**YOUR OBJECTIVE:** Give the listing again, word for word, and let no picture into it.

**DATASET EXTRACT:**
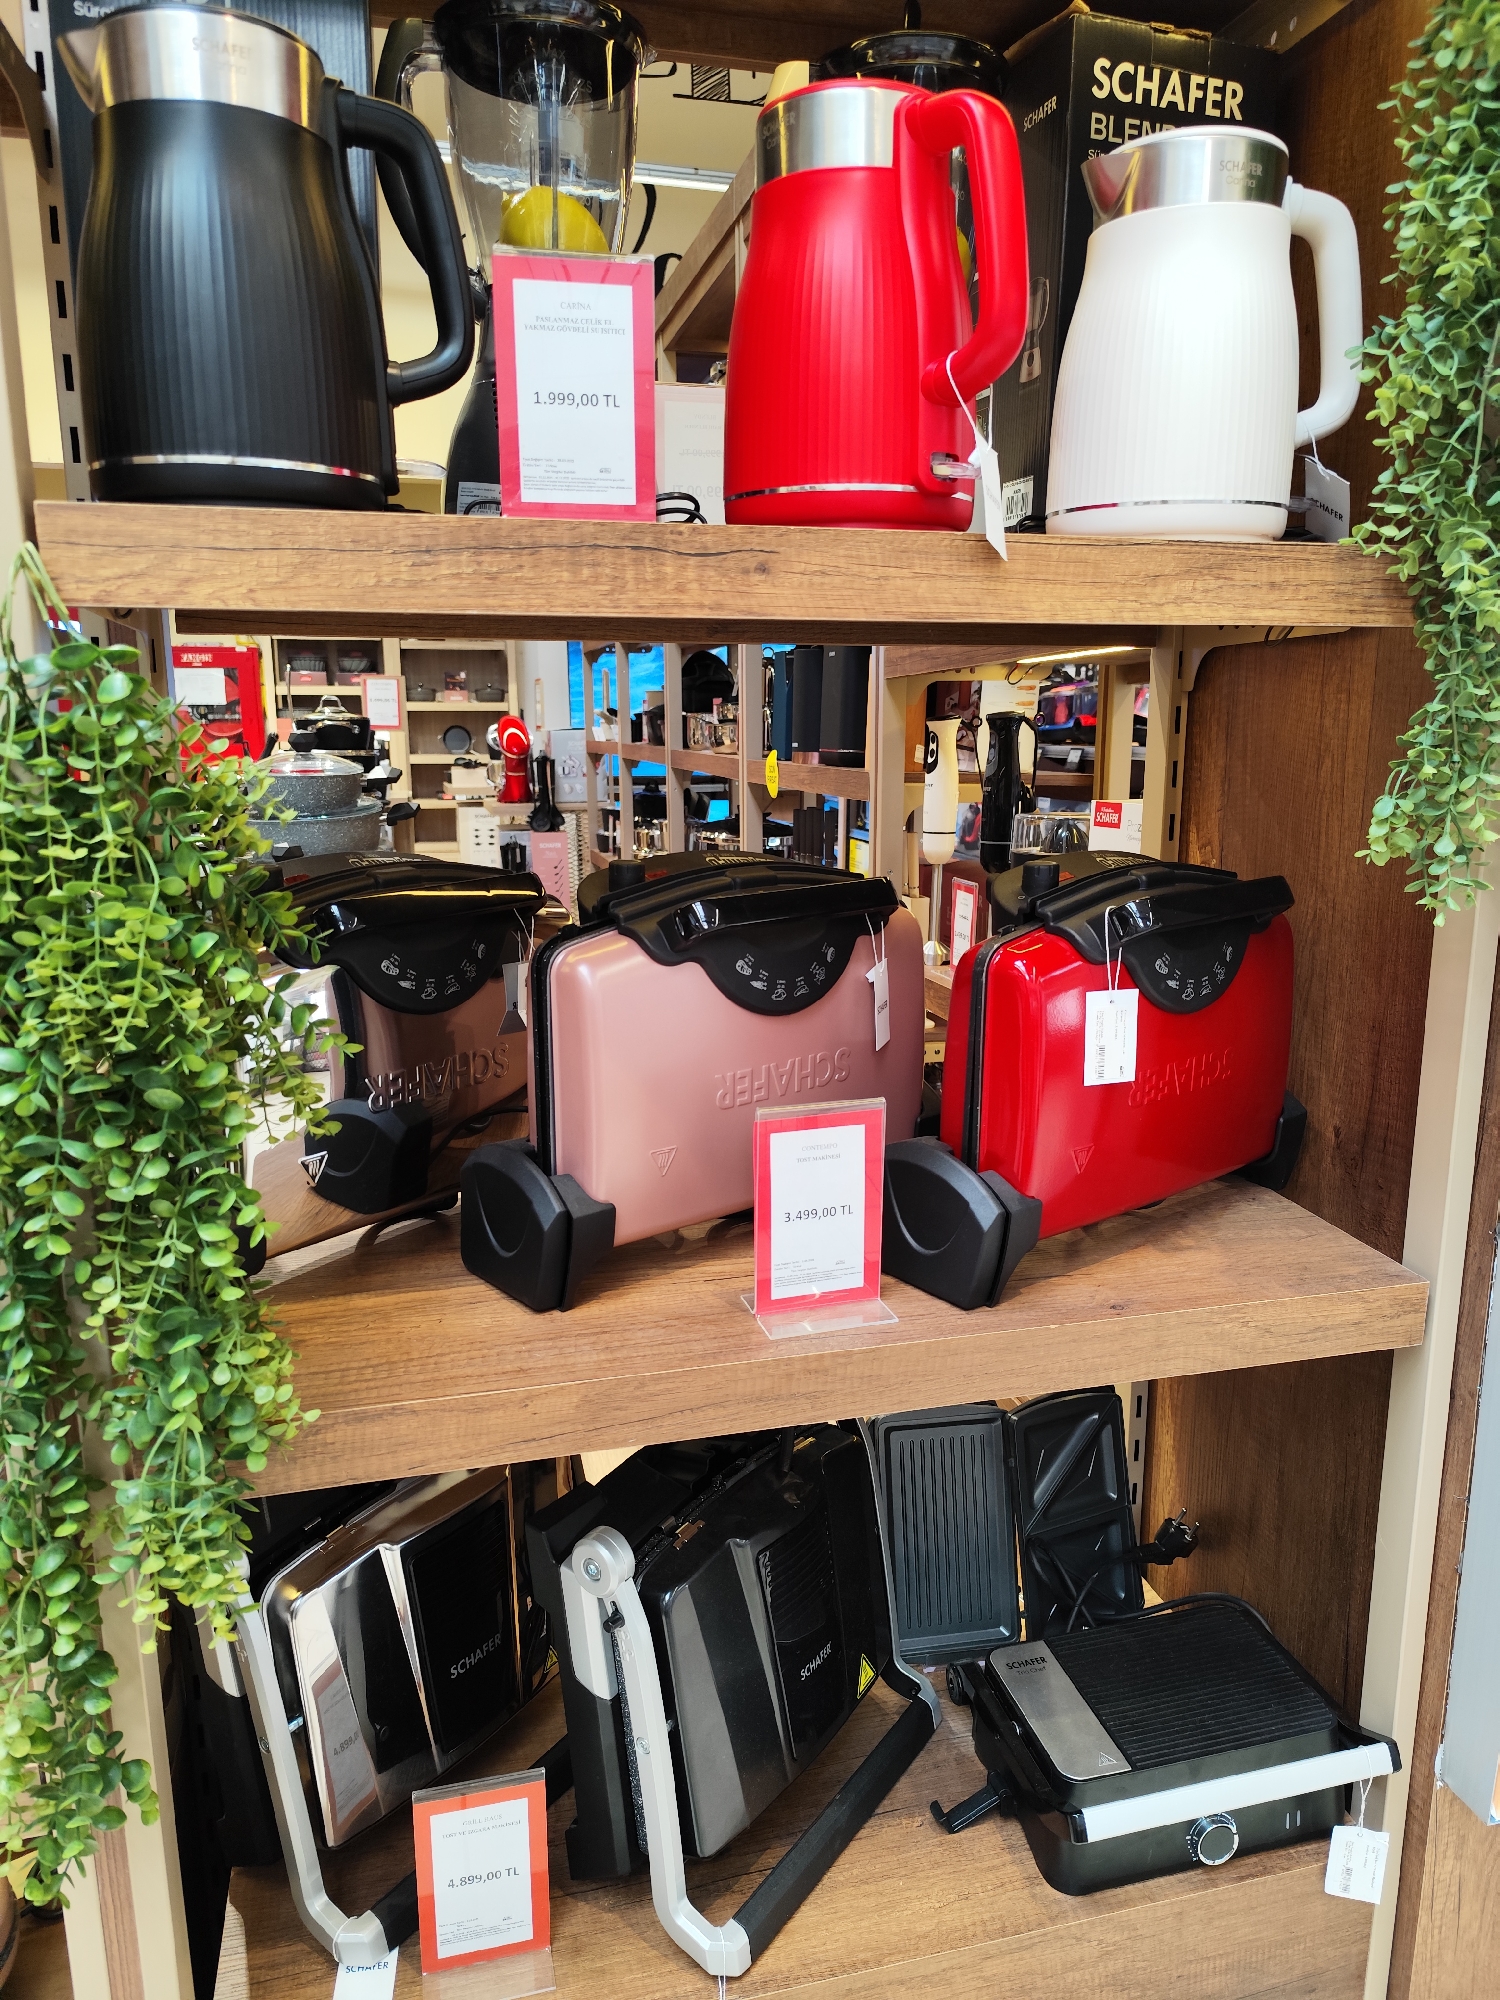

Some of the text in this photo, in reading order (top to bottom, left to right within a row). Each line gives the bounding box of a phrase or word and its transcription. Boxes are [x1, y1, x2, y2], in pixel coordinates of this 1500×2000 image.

[1091, 57, 1244, 121] SCHAFER
[1023, 96, 1057, 133] SCHAFER
[1090, 112, 1176, 145] BLEN
[1219, 160, 1263, 177] SCHAFER
[560, 301, 592, 311] CARİNA
[523, 324, 556, 332] YAKMAZ
[535, 315, 580, 325] PASLANMAZ
[533, 391, 621, 409] 1.999,00 TL
[1310, 498, 1344, 522] CHAFER
[1096, 812, 1119, 824] SCHAFER
[364, 1042, 510, 1114] SCHAFER
[714, 1047, 851, 1110] SCHAFER
[801, 1143, 838, 1152] CONTEMPO
[796, 1152, 841, 1164] TOST MAKİNESİ
[784, 1204, 854, 1223] 3.499,00 TL
[450, 1633, 501, 1679] SCHAFER
[801, 1644, 832, 1680] SCHAFER
[1006, 1657, 1047, 1670] SCHAFER
[447, 1867, 520, 1889] 4.899,00 TL

**RESPONSE BOX:**
Some of the text in this photo, in reading order (top to bottom, left to right within a row). Each line gives the bounding box of a phrase or word and its transcription. Boxes are [x1, y1, x2, y2], in pixel coordinates of this 1500×2000 image.

[1091, 57, 1244, 121] SCHAFER
[1023, 96, 1057, 133] SCHAFER
[1090, 112, 1176, 145] BLEN
[1219, 160, 1263, 177] SCHAFER
[560, 301, 592, 311] CARİNA
[523, 324, 556, 332] YAKMAZ
[535, 315, 580, 325] PASLANMAZ
[533, 391, 621, 409] 1.999,00 TL
[1310, 498, 1344, 522] CHAFER
[1096, 812, 1119, 824] SCHAFER
[364, 1042, 510, 1114] SCHAFER
[714, 1047, 851, 1110] SCHAFER
[801, 1143, 838, 1152] CONTEMPO
[796, 1152, 841, 1164] TOST MAKİNESİ
[784, 1204, 854, 1223] 3.499,00 TL
[450, 1633, 501, 1679] SCHAFER
[801, 1644, 832, 1680] SCHAFER
[1006, 1657, 1047, 1670] SCHAFER
[447, 1867, 520, 1889] 4.899,00 TL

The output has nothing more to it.